Mme Yilmaz lisait, assise sur son lit. Elle fit glisser ses lunettes sur la pointe de son nez et regarda ce couple qui venait de frapper à sa porte.
Elle dévisagea Alice qui s’approchait, retint son souffle avant de pousser un long soupir, et ses yeux s’emplirent de larmes.
Alice ne voyait sur ce lit qu’une vieille femme qui lui était étrangère jusqu’à ce que Mme Yilmaz la prenne dans ses bras en sanglotant et la serre contre elle…
… le nez plongé dans sa nuque, j’ai reconnu l’accord parfait de mon enfance, retrouvé les odeurs du passé, le parfum des baisers reçus avant d’aller au lit. J’ai entendu, surgi de cette enfance, le bruissement des rideaux qui s’ouvraient le matin, la voix de ma nourrice me criant : « Anouche, lève-toi, il y a un si joli bateau dans la rade, il faut que tu viennes voir ça. »
J’ai retrouvé l’odeur du lait chaud dans la cuisine, revu les pieds d’une table en merisier sous laquelle j’aimais tant me cacher.

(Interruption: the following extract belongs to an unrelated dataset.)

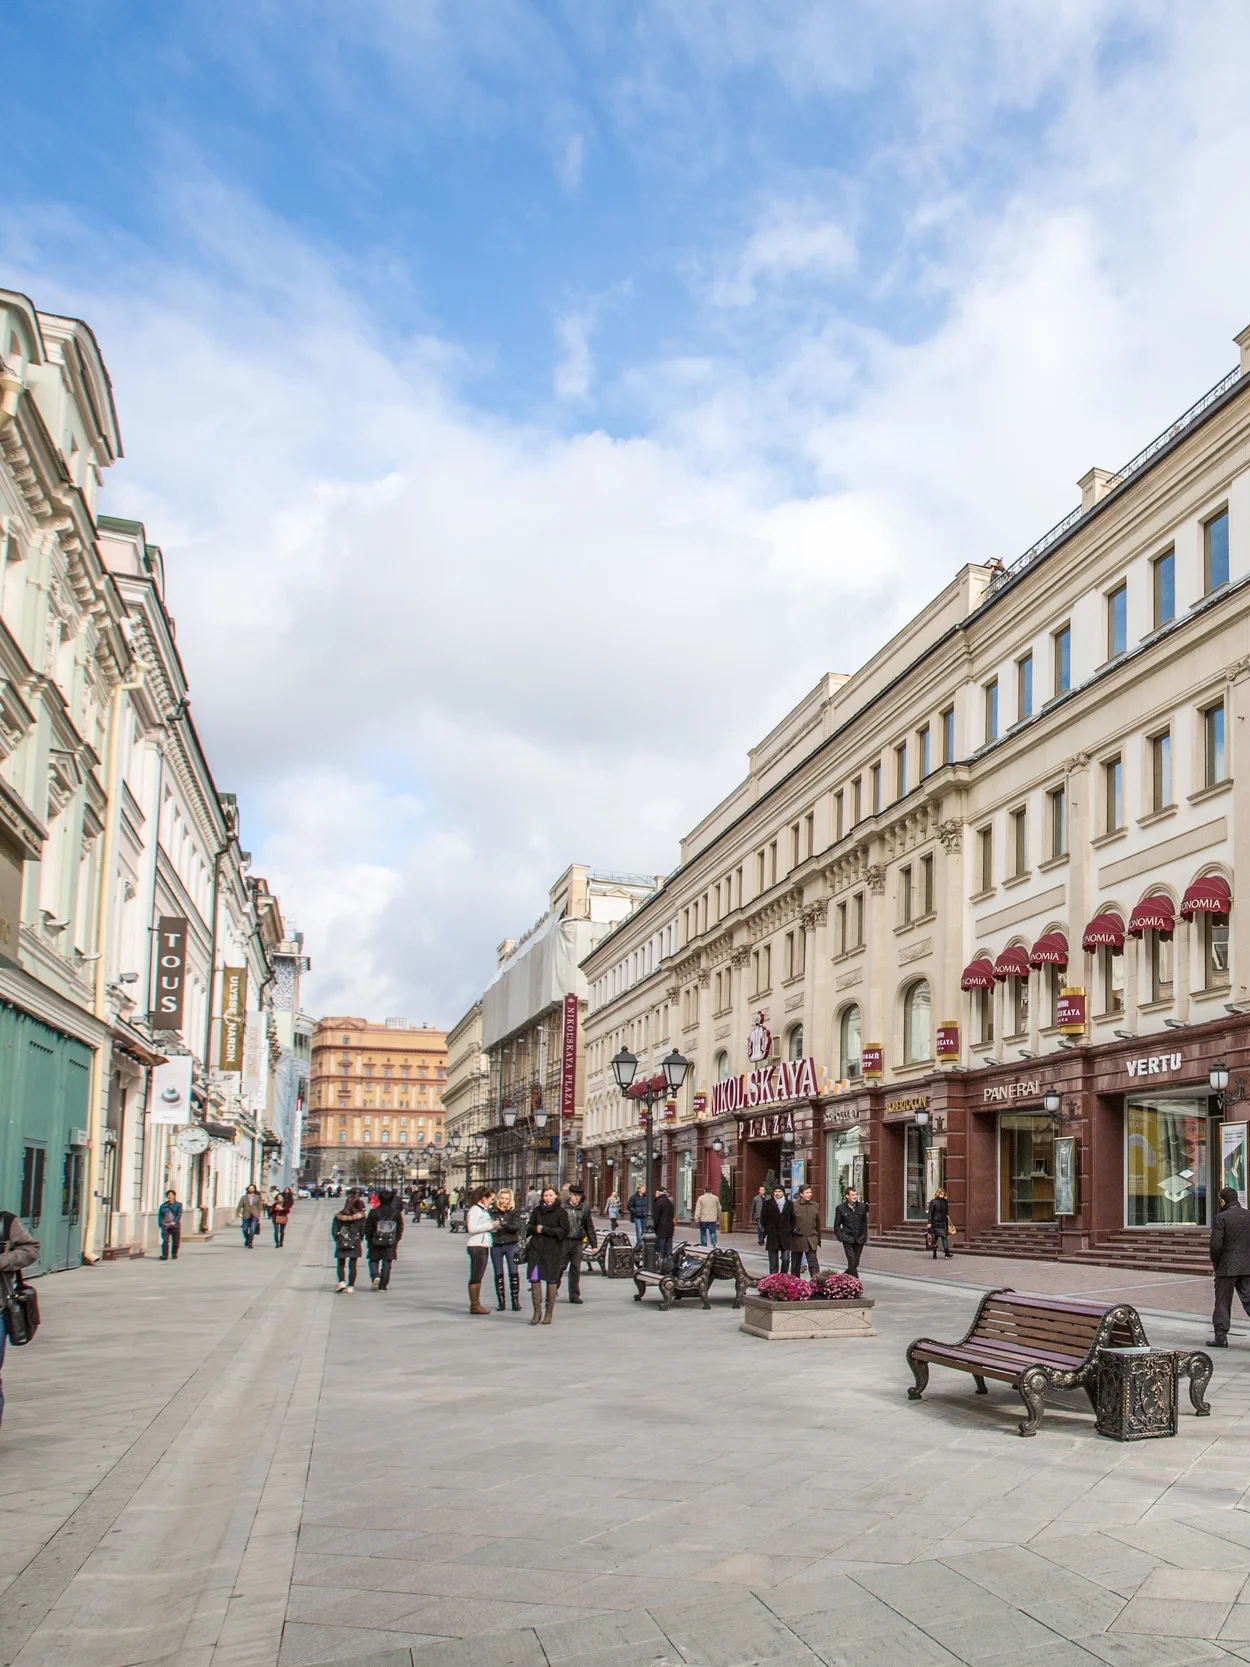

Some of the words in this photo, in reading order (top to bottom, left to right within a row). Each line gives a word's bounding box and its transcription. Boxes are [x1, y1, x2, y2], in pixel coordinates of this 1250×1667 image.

J’ai entendu les marches de l’escalier craquer sous les pas de mon père, et j’ai revu soudain, sur un dessin à l’encre noire, deux visages que j’avais oubliés.
J’ai eu deux mères et deux pères, Daldry, je n’en ai plus aucun.
Il a fallu du temps pour que Mme Yilmaz sèche ses larmes, ses mains me caressaient les joues et ses lèvres me couvraient de baisers. Elle murmurait mon prénom sans pouvoir s’arrêter : « Anouche, Anouche, ma toute petite Anouche, mon soleil, tu es revenue voir ta vieille nourrice. » Et, à mon tour, j’ai pleuré, Daldry. J’ai pleuré, de toute mon ignorance, de n’avoir jamais su que ceux qui m’ont fait naître ne m’ont pas vue grandir, que ceux que j’ai aimés et qui m’ont élevée m’avaient adoptée pour me sauver la vie. Je ne me prénomme pas Alice, mais Anouche, avant d’être une Anglaise, je suis une Arménienne et mon vrai nom n’est pas Pendelbury.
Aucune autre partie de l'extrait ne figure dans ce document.